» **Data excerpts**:
--------
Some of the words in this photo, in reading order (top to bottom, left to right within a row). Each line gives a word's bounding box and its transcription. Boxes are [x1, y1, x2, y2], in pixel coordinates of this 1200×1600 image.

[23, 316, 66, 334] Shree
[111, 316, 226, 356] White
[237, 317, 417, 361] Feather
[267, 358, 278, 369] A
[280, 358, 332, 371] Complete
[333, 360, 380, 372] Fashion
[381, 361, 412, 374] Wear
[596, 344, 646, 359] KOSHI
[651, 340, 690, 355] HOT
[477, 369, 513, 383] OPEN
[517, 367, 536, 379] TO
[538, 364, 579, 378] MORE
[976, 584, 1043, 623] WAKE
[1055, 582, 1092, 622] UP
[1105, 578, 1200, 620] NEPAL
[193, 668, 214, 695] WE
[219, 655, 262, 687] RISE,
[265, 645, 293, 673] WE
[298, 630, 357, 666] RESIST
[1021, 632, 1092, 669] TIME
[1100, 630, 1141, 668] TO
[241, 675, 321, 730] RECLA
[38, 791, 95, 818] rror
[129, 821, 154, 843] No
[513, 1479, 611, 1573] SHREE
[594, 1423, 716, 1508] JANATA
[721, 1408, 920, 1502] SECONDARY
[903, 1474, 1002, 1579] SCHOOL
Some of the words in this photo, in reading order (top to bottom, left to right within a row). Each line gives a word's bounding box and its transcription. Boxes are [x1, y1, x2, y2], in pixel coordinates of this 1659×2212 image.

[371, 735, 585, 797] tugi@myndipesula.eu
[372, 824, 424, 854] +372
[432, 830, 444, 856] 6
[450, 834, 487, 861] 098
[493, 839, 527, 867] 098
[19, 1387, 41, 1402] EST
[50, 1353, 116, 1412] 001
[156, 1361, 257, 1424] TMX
--------
Please copy the line that holds "this 1659×2212 image." and each line under it through the last line above, exactly as they stand, adding nothing.

Some of the words in this photo, in reading order (top to bottom, left to right within a row). Each line gives a word's bounding box and its transcription. Boxes are [x1, y1, x2, y2], in pixel coordinates of this 1659×2212 image.

[371, 735, 585, 797] tugi@myndipesula.eu
[372, 824, 424, 854] +372
[432, 830, 444, 856] 6
[450, 834, 487, 861] 098
[493, 839, 527, 867] 098
[19, 1387, 41, 1402] EST
[50, 1353, 116, 1412] 001
[156, 1361, 257, 1424] TMX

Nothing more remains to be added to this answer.